= WHAT TO DO =
The copy you print must match the listing exactly, with its pictures removed.

= INFORMATION =
------------------------

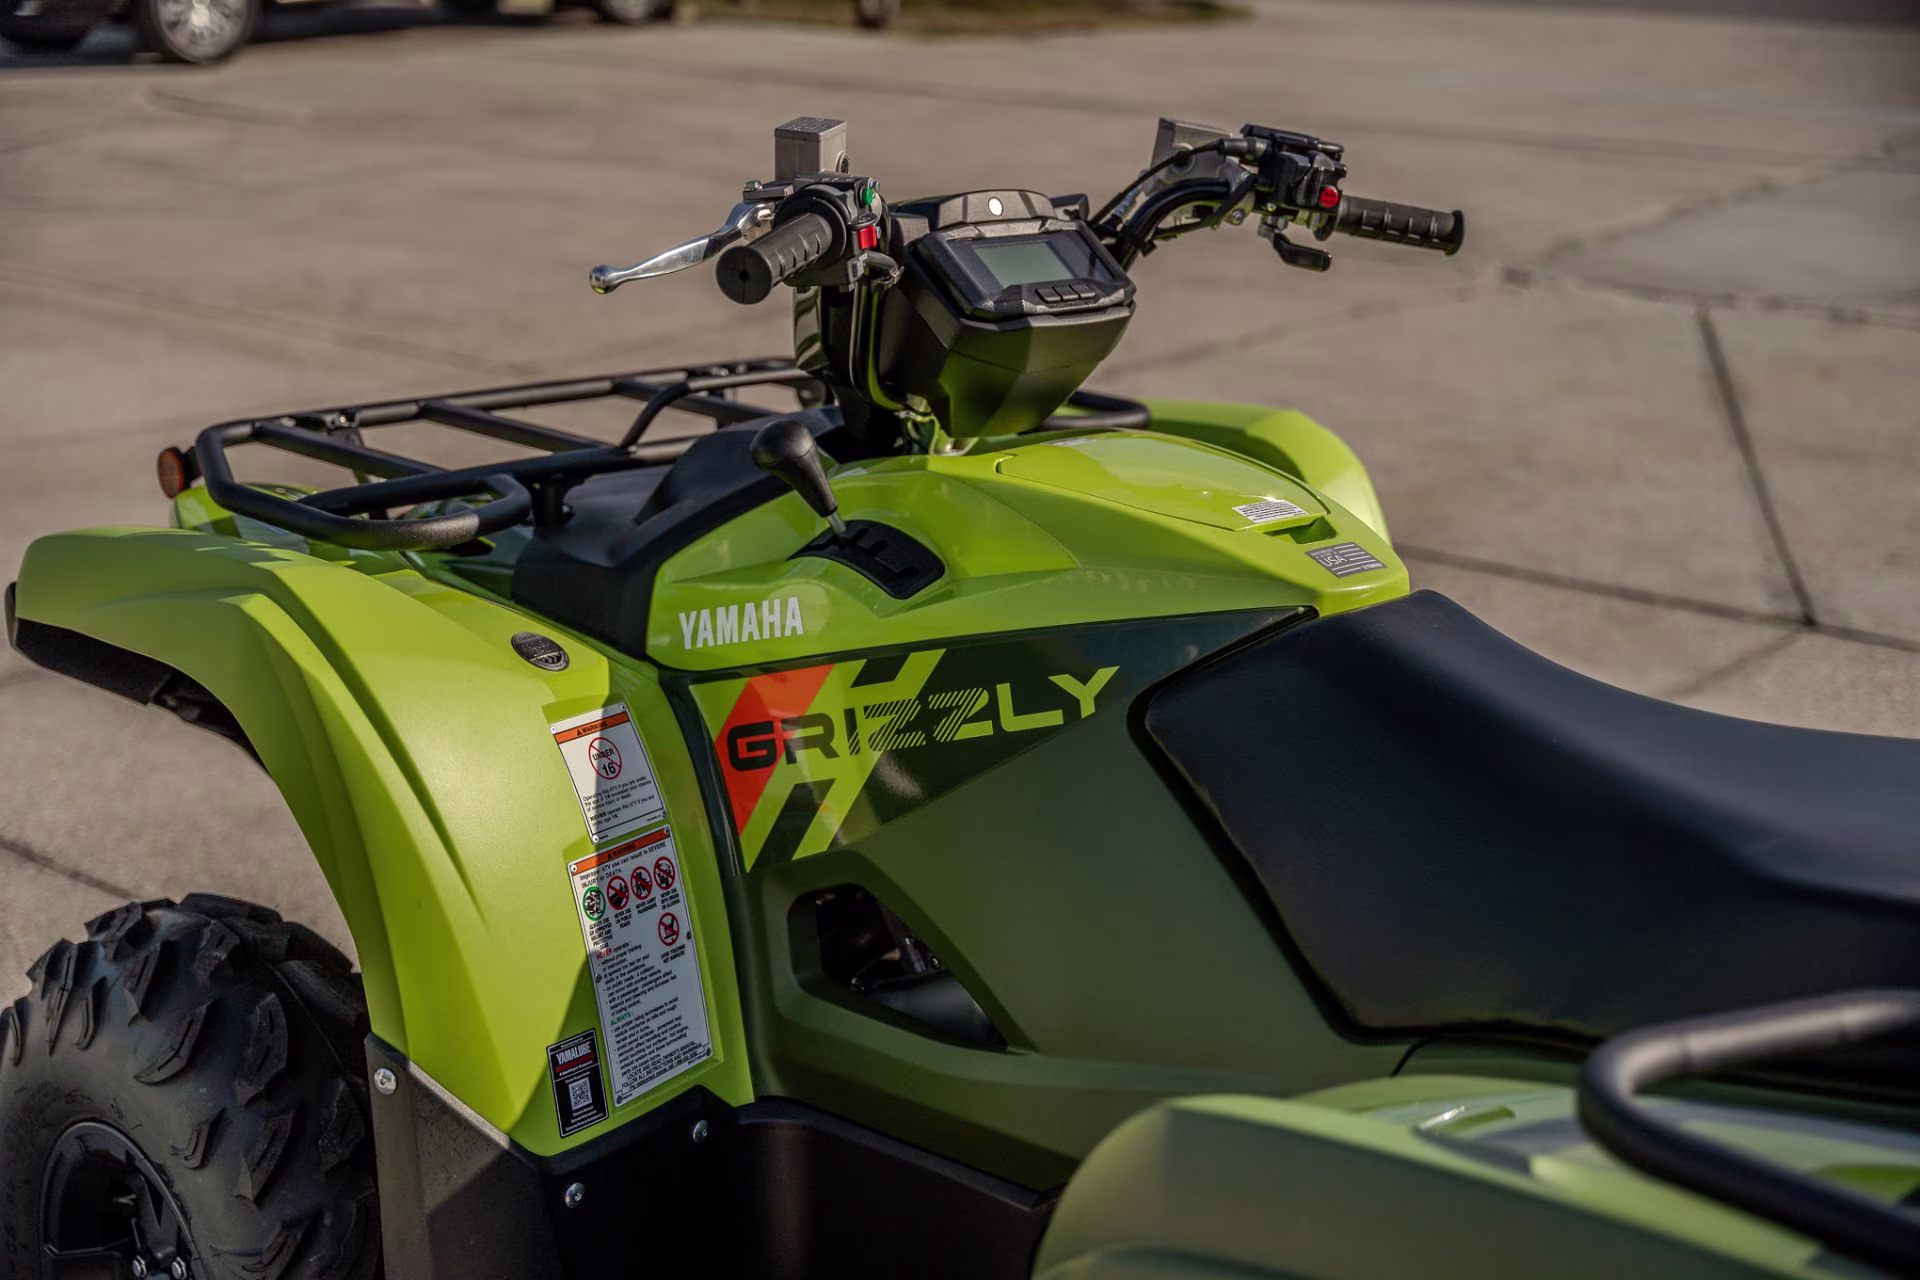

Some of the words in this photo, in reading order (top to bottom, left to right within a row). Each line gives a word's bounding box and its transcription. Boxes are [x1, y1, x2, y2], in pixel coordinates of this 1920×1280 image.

[1319, 555, 1347, 567] USA
[679, 596, 804, 650] YAMAHA
[727, 666, 1120, 771] GRIZZLY
[602, 763, 616, 776] 16
[590, 812, 607, 822] NEVER
[611, 1012, 631, 1026] ALWAYS
[556, 1041, 591, 1064] YAMALUBE

------------------------

= SOLUTION =
Some of the words in this photo, in reading order (top to bottom, left to right within a row). Each line gives a word's bounding box and its transcription. Boxes are [x1, y1, x2, y2], in pixel coordinates of this 1920×1280 image.

[1319, 555, 1347, 567] USA
[679, 596, 804, 650] YAMAHA
[727, 666, 1120, 771] GRIZZLY
[602, 763, 616, 776] 16
[590, 812, 607, 822] NEVER
[611, 1012, 631, 1026] ALWAYS
[556, 1041, 591, 1064] YAMALUBE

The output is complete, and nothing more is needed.